Earlier this year, electronic intercepts led the U.S. to another region of Pakistan, Baluchistan, where authorities thought they had found bin Laden moving in a convoy of trucks.
"They thought they were very close to locating him and fixing his position about two months ago," said Cannistraro. "But they failed in the end to locate him."
Tribal Codes, Customs
Four FBI and CIA agents are stationed with Pakistani troops to relay U.S. intelligence information, but even the Pakistanis have a hard time operating there. By treaty with the Wazir tribe, they are not allowed further than 100 yards on either side of the road, according to Ahmed, who once held a political post in the Northwest Frontier Province of Pakistan, which includes Waziristan.
"This really is a closed area," he said. "The government of Pakistan has very limited control. Beyond 100 yards of both sides of the road, they have no control, which means there is no criminal law, no civil procedure codes, no normal laws of Pakistan function."
The tribal code also focuses on revenge, hospitality and honor, according to Ahmed, so if bin Laden was hiding in this area, all the codes would be applied. "He would be hiding as a guest, so the law of hospitality would be involved," said Ahmed. "If someone handed him over for the huge reward that is being offered, the honor of the tribe would be at stake."
Pakistani officials have had some success in tracking down and apprehending some key al Qaeda members, including Khalid Shaikh Mohammed, one of bin Laden's top deputies accused of planning the Sept. 11 attacks and who was captured March 1, 2003 in Pakistan.
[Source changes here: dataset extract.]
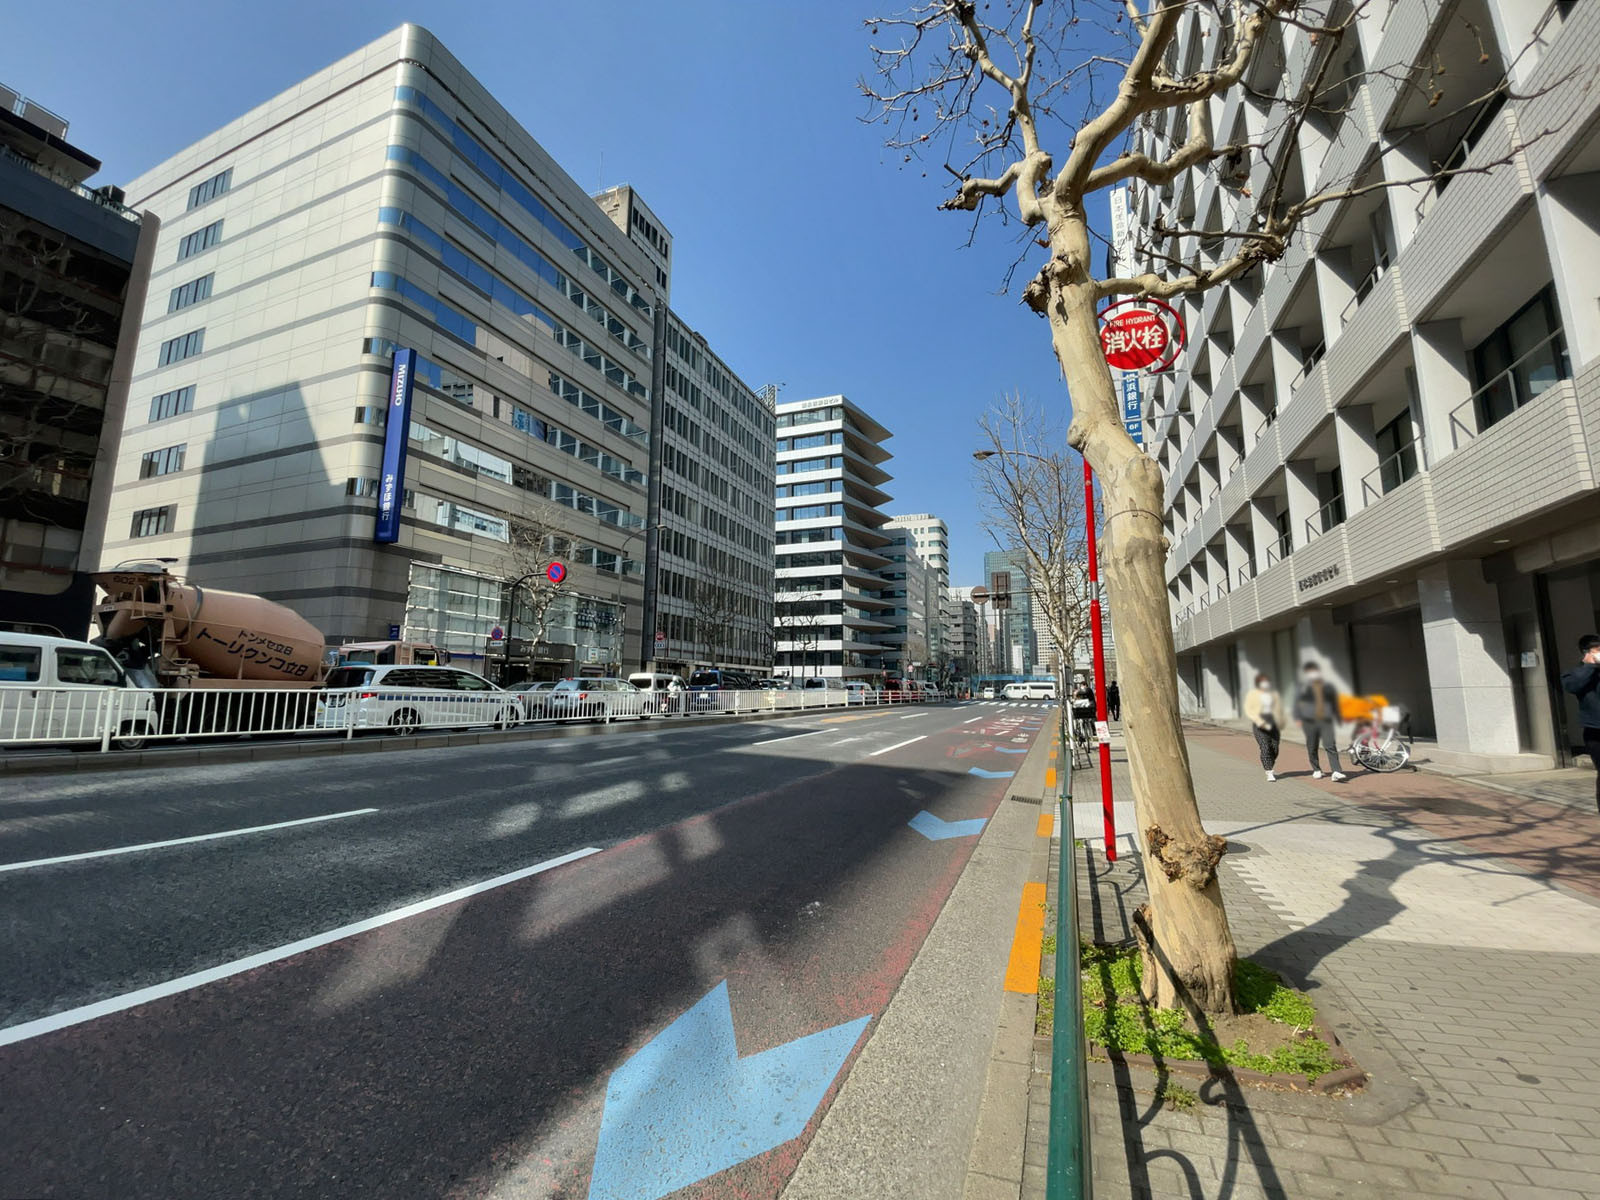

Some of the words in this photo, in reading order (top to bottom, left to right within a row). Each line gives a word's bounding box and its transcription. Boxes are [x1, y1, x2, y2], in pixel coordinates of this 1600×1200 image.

But according to Pakistan Interior Minister Makhdoom Faisal Saleh Hayat, they have been handicapped by centuries-old tribal tradition and customs.
"Because of their tribal sensitivities, it could be entirely possible that Osama, or his other aides — his closes aides — they could be in hiding in parts of the tribal belt," said Saleh Hayat.
Tribal customs and traditions aside, Saleh Hayat said it is imperative of Pakistan, "to now focus on the tribal belts and to extend its laws into those areas … but it is a gradual process."
The tribes also cross borders between Afghanistan and Pakistan, "so Osama can be like a fish swimming in an ocean, just going up and down," said Ahmed.
Fewer Ground Resources
U.S. special forces are stationed across the border in Afghanistan with approximately 45 checkpoints should bin Laden head there, but authorities said there are many unfrequented routes and it is impossible to seal the entire border.
Special forces in Afghanistan, however, are not as specialized as they once were, Cannistraro told ABCNEWS. This specifically hurts the hunt because, he added, in order to deploy intelligence resources to collect information on bin Laden, the U.S. needs Arabic speakers.
"If you've drawn off many if not all of your Arabic language resources and sent them off to Iraq you're shorthanded in terms of dealing with intelligence collection problem of fixing bin Laden's location," said Cannistraro. "So there are fewer resources to deal with in trying to basically find and capture, the principal leader of a terrorist organization that's killing Americans."
Waziristan is mountainous and very difficult terrain to maneuver in. It is also populated by Pashtuns, who support bin Laden and his followers, so it's very difficult to acquire the ground intelligence to help in the hunt.
As a result, in this rugged, hostile region, even with the hunt narrowed to 40 square miles, the U.S. needs all the help it can get.